WHAT IS EXPECTED: Exclude the pictures from your copy, and reproduce each entry below verbatim.

===== RECORDS TO USE

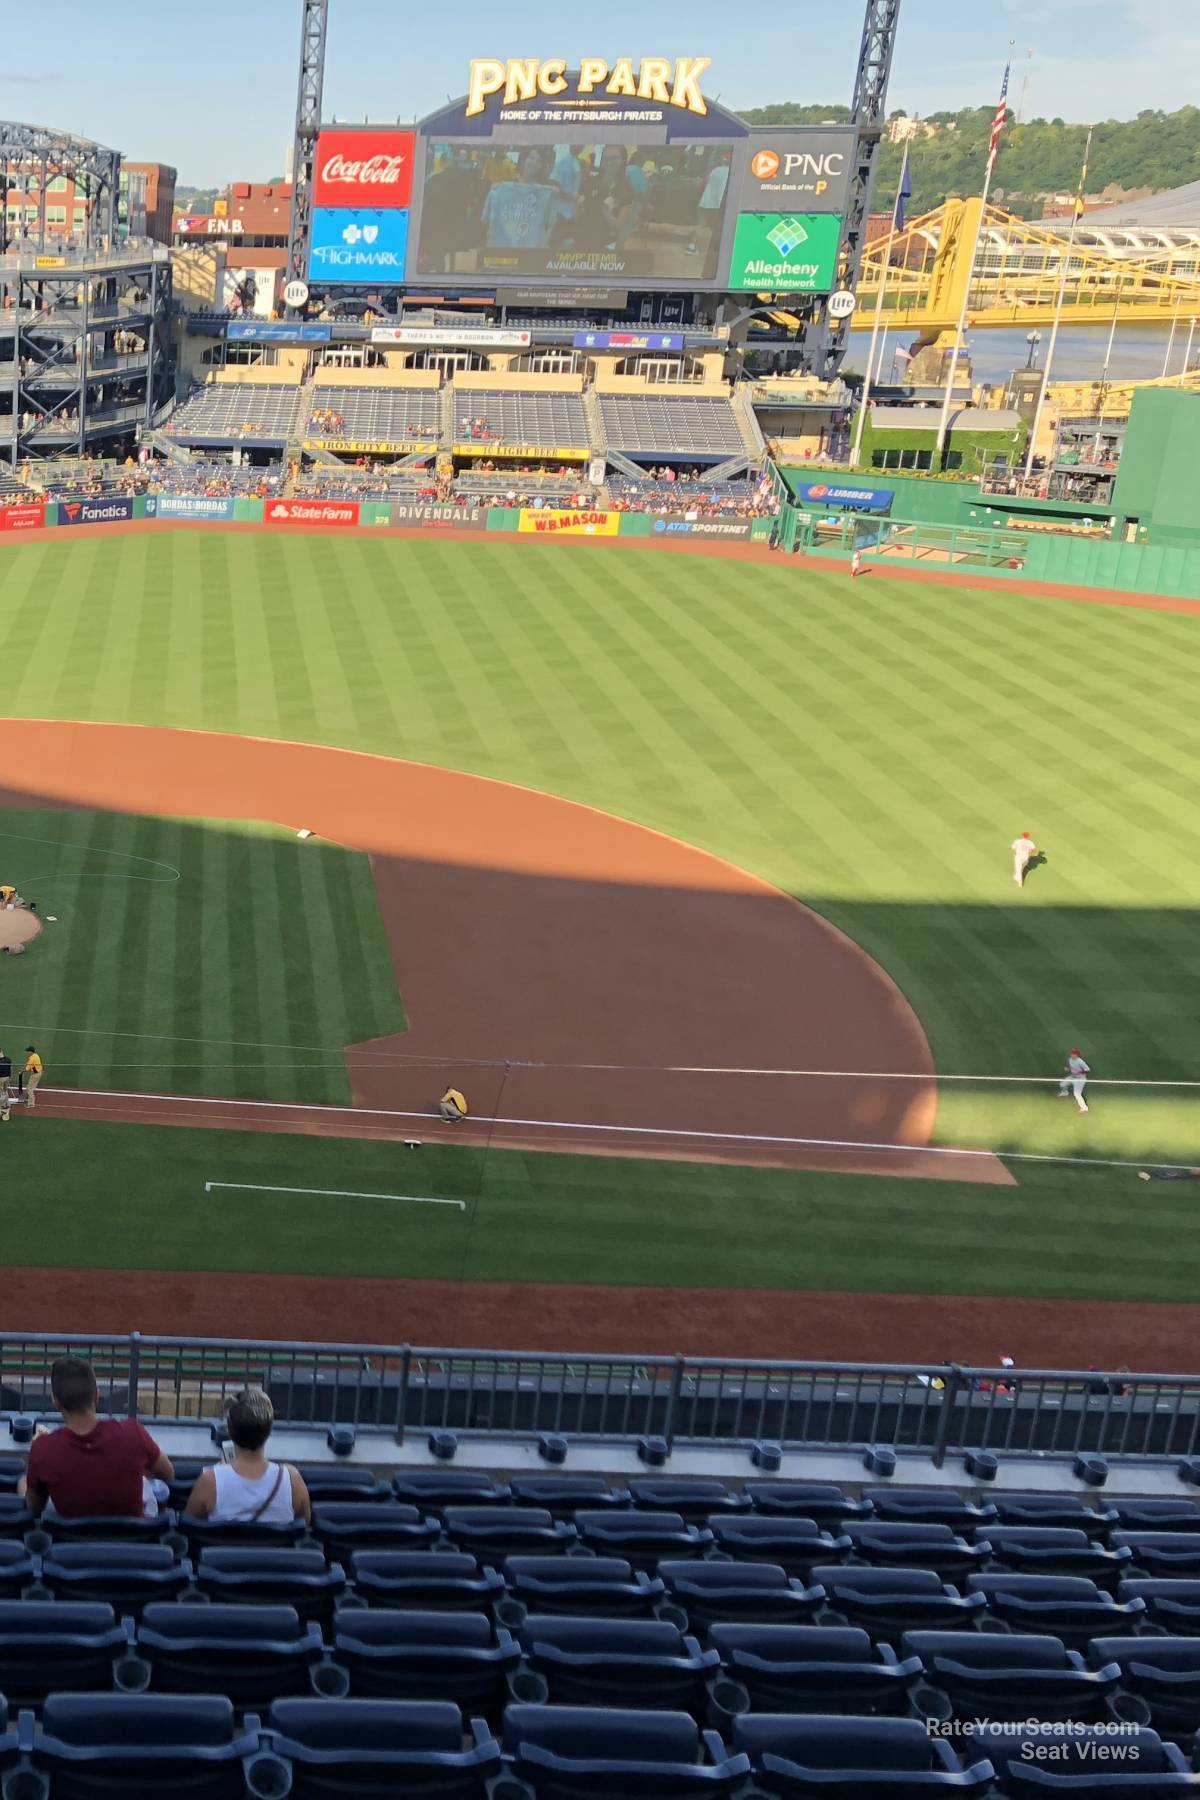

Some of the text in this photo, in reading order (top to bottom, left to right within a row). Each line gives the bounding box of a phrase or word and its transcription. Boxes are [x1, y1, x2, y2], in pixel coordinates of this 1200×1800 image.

[466, 57, 711, 116] PNC PARK
[500, 110, 663, 121] HOME OF THE PITTSBURGH PIRATES
[322, 154, 406, 184] Coca-Cola
[784, 154, 843, 176] PNC
[761, 183, 781, 191] Official
[797, 183, 804, 191] of
[314, 246, 402, 266] HIGHMARK
[546, 261, 625, 271] AVAILABLE NOW
[745, 260, 819, 277] Allegheny
[743, 278, 815, 288] Health Network
[287, 287, 305, 299] Lite
[832, 298, 853, 310] Lite
[323, 442, 417, 452] IRON CITY BEER
[498, 447, 531, 456] LIGHT
[827, 489, 874, 500] LUMBER
[161, 499, 192, 510] BORDAS
[195, 500, 227, 511] BORDAS
[82, 505, 127, 520] Fanatics
[399, 506, 479, 521] RIVENDALE
[560, 513, 608, 528] MASON
[692, 524, 748, 534] SPORTSNET
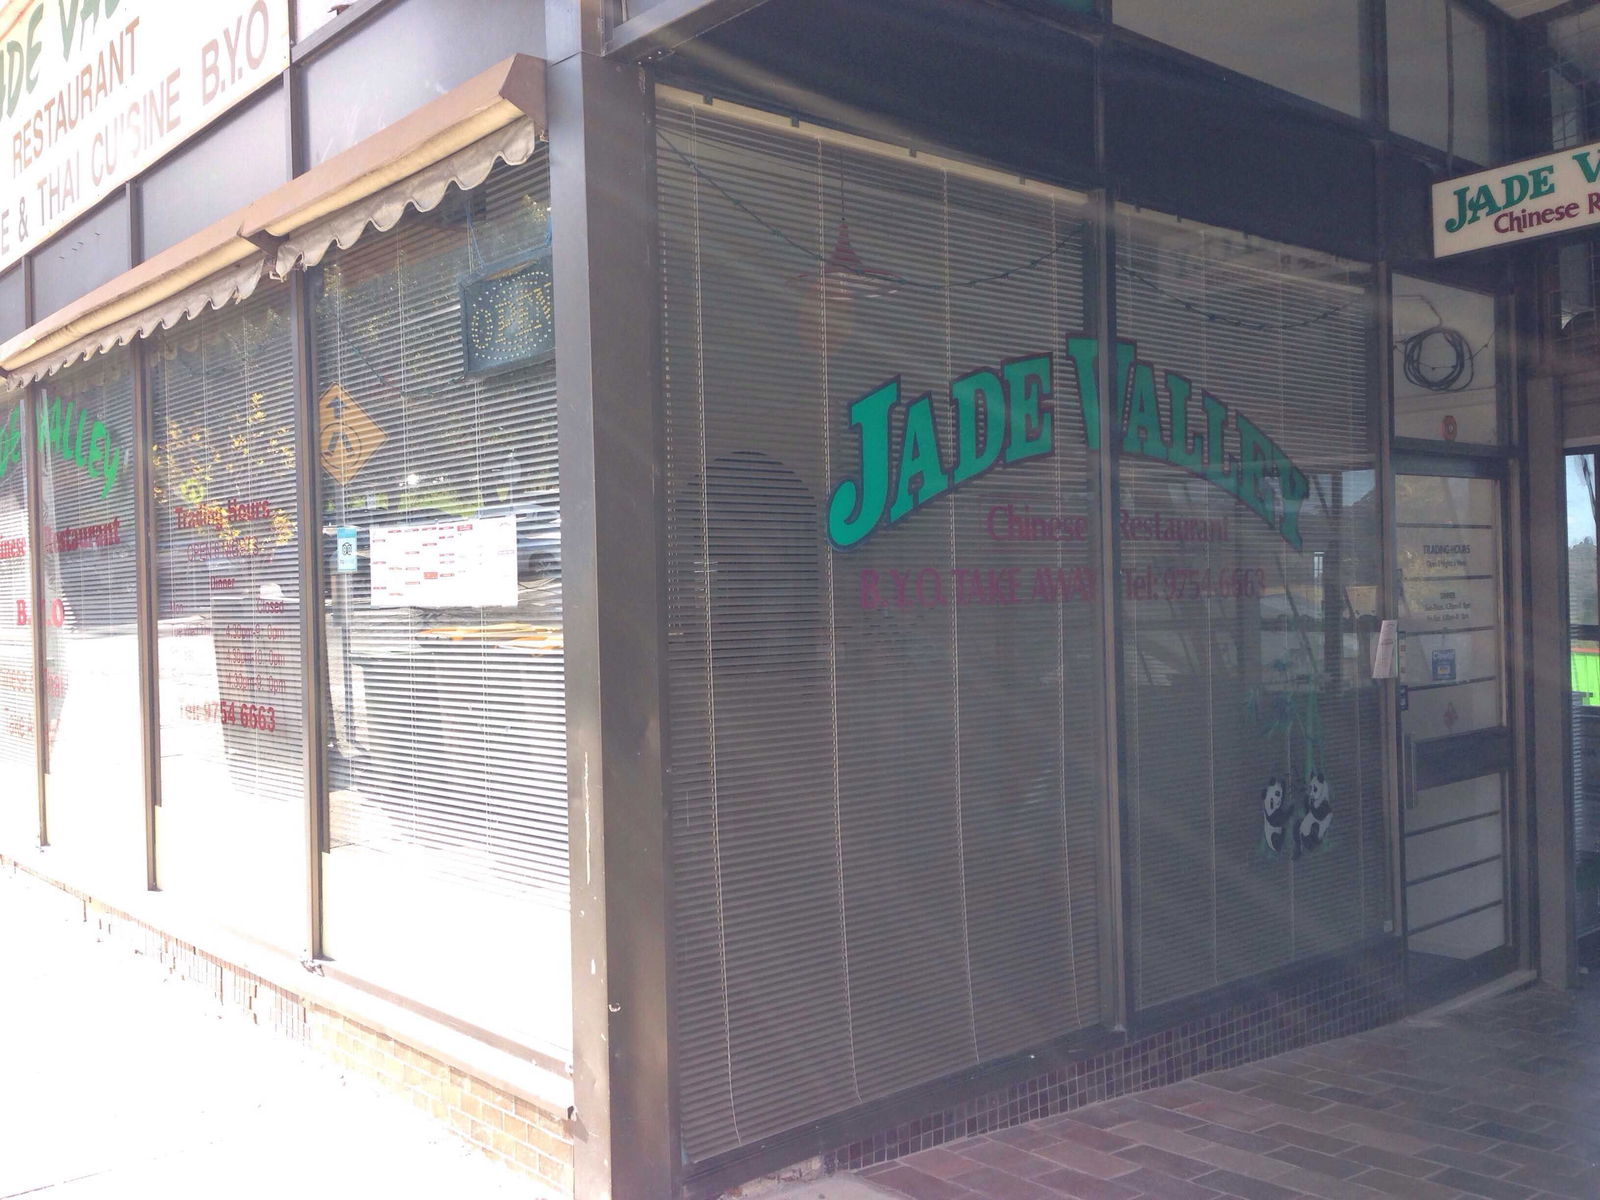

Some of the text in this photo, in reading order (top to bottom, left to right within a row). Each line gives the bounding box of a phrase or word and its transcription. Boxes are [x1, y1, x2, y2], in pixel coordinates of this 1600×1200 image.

[13, 16, 140, 180] RESTAURANT
[37, 149, 80, 226] THAI
[1445, 165, 1555, 232] JADE
[1494, 202, 1580, 234] Chinese
[827, 333, 1310, 552] JADE VALLEY
[174, 499, 270, 531] Trading Hours
[986, 504, 1230, 542] Chinese Restaurant
[209, 575, 236, 591] Dinner
[951, 566, 1020, 606] TAKE
[256, 597, 285, 614] Closed
[240, 703, 276, 733] 6663

==========

RESULT OF THE EXERCISE:
Some of the text in this photo, in reading order (top to bottom, left to right within a row). Each line gives the bounding box of a phrase or word and its transcription. Boxes are [x1, y1, x2, y2], in pixel coordinates of this 1200×1800 image.

[466, 57, 711, 116] PNC PARK
[500, 110, 663, 121] HOME OF THE PITTSBURGH PIRATES
[322, 154, 406, 184] Coca-Cola
[784, 154, 843, 176] PNC
[761, 183, 781, 191] Official
[797, 183, 804, 191] of
[314, 246, 402, 266] HIGHMARK
[546, 261, 625, 271] AVAILABLE NOW
[745, 260, 819, 277] Allegheny
[743, 278, 815, 288] Health Network
[287, 287, 305, 299] Lite
[832, 298, 853, 310] Lite
[323, 442, 417, 452] IRON CITY BEER
[498, 447, 531, 456] LIGHT
[827, 489, 874, 500] LUMBER
[161, 499, 192, 510] BORDAS
[195, 500, 227, 511] BORDAS
[82, 505, 127, 520] Fanatics
[399, 506, 479, 521] RIVENDALE
[560, 513, 608, 528] MASON
[692, 524, 748, 534] SPORTSNET

Some of the text in this photo, in reading order (top to bottom, left to right within a row). Each line gives the bounding box of a phrase or word and its transcription. Boxes are [x1, y1, x2, y2], in pixel coordinates of this 1600×1200 image.

[13, 16, 140, 180] RESTAURANT
[37, 149, 80, 226] THAI
[1445, 165, 1555, 232] JADE
[1494, 202, 1580, 234] Chinese
[827, 333, 1310, 552] JADE VALLEY
[174, 499, 270, 531] Trading Hours
[986, 504, 1230, 542] Chinese Restaurant
[209, 575, 236, 591] Dinner
[951, 566, 1020, 606] TAKE
[256, 597, 285, 614] Closed
[240, 703, 276, 733] 6663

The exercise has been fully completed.